Numa entrevista recente, o CEO da Alphabet (Google), Sundar Pichai, reforçou a ideia de que a IA é uma viragem histórica, com benefícios enormes e disrupções equivalentes. Chegou a admitir que até o seu próprio cargo poderia ser automatizado no futuro. Esta mensagem encontra eco em muitos líderes tecnológicos: a IA é inevitável, transformará tarefas e, por arrasto, funções inteiras.
Convém, no entanto, recordar um ponto crítico: quem define a narrativa tem interesses. Grandes plataformas investem fortemente em IA, desde GPU a energia para alimentar centros de dados. Quanto mais a sociedade aceitar a inevitabilidade da automação, mais espaço existe para acelerar a adoção e captar orçamento empresarial. O discurso sobre o “fim dos empregos” vende manchetes; o detalhe, por vezes, fica pelo caminho.
Análises recentes sugerem que os cargos mais expostos à automação por IA não estão, para já, a sofrer cortes massivos. Em vez disso, há um efeito de “economia de baixa contratação”: menos vagas abertas, mais prudência e substituição parcial de tarefas; não de empregos inteiros. Ao mesmo tempo, a incerteza macro (tarifas, eleições, pós-pandemia) pesa mais do que se admite no ritmo de criação de emprego.
Isto não significa que a IA não tenha impacto. Tem e crescente. Mas a distância entre “capacidade técnica” e “reconfiguração real das empresas” é maior do que parece. Processos, cultura, regulação, integração de dados, segurança e um ROI comprovado demoram a alinhar. Ainda estamos na fase em que muitos pilotos brilham em apresentações, mas patinam ao escalar para a operação diária.
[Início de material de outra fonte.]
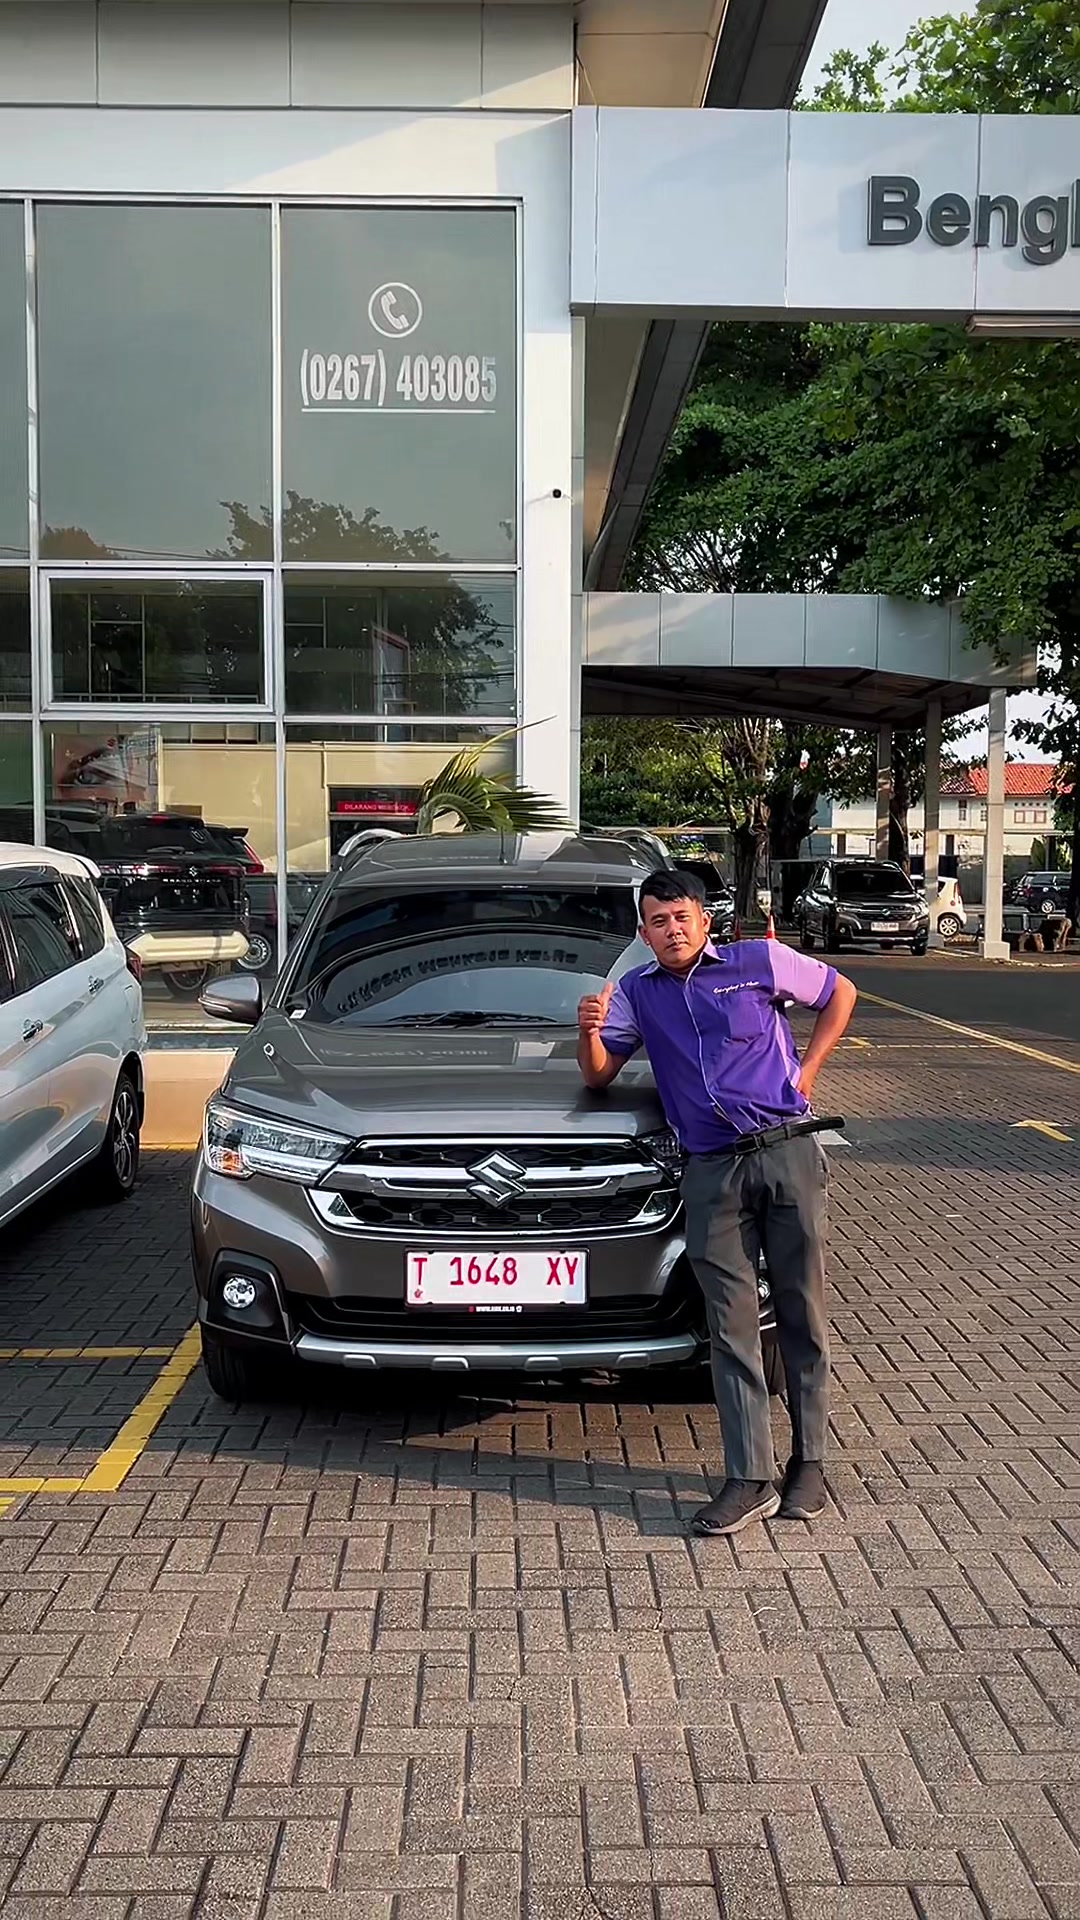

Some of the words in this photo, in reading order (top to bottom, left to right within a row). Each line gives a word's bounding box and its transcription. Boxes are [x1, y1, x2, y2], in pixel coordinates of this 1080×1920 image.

Quando discutimos automação, convém separar tarefas de empregos:
Tarefas repetitivas e baseadas em texto (resumos, rascunhos, tradução inicial, QA de código) estão a ser automatizadas rapidamente;
Empregos combinam tarefas técnicas, coordenação, contexto, ética, responsabilidade legal e relacionamento humano. É esse “aglomerado” que resiste mais;
Em tecnologia, marketing e apoio ao cliente, começam a surgir funções híbridas: menos foco na execução manual, mais na curadoria, validação e desenho de processos.
Traduzindo: a IA já substitui partes do trabalho. Transformar isso em eliminação de postos exige maturidade técnica, mudanças organizacionais e confiança – três variáveis que evoluem mais devagar.
Há um desfasamento entre a promessa pública e o ganho medido. A atenção mediática privilegia previsões grandiosas; a prática empresarial exige provas. O resultado é ansiedade social e decisões precipitadas (por exemplo, cortar equipas antes de comprovar ganhos reais de produtividade). O mais sensato é ancorar a discussão em evidências, não em soundbites.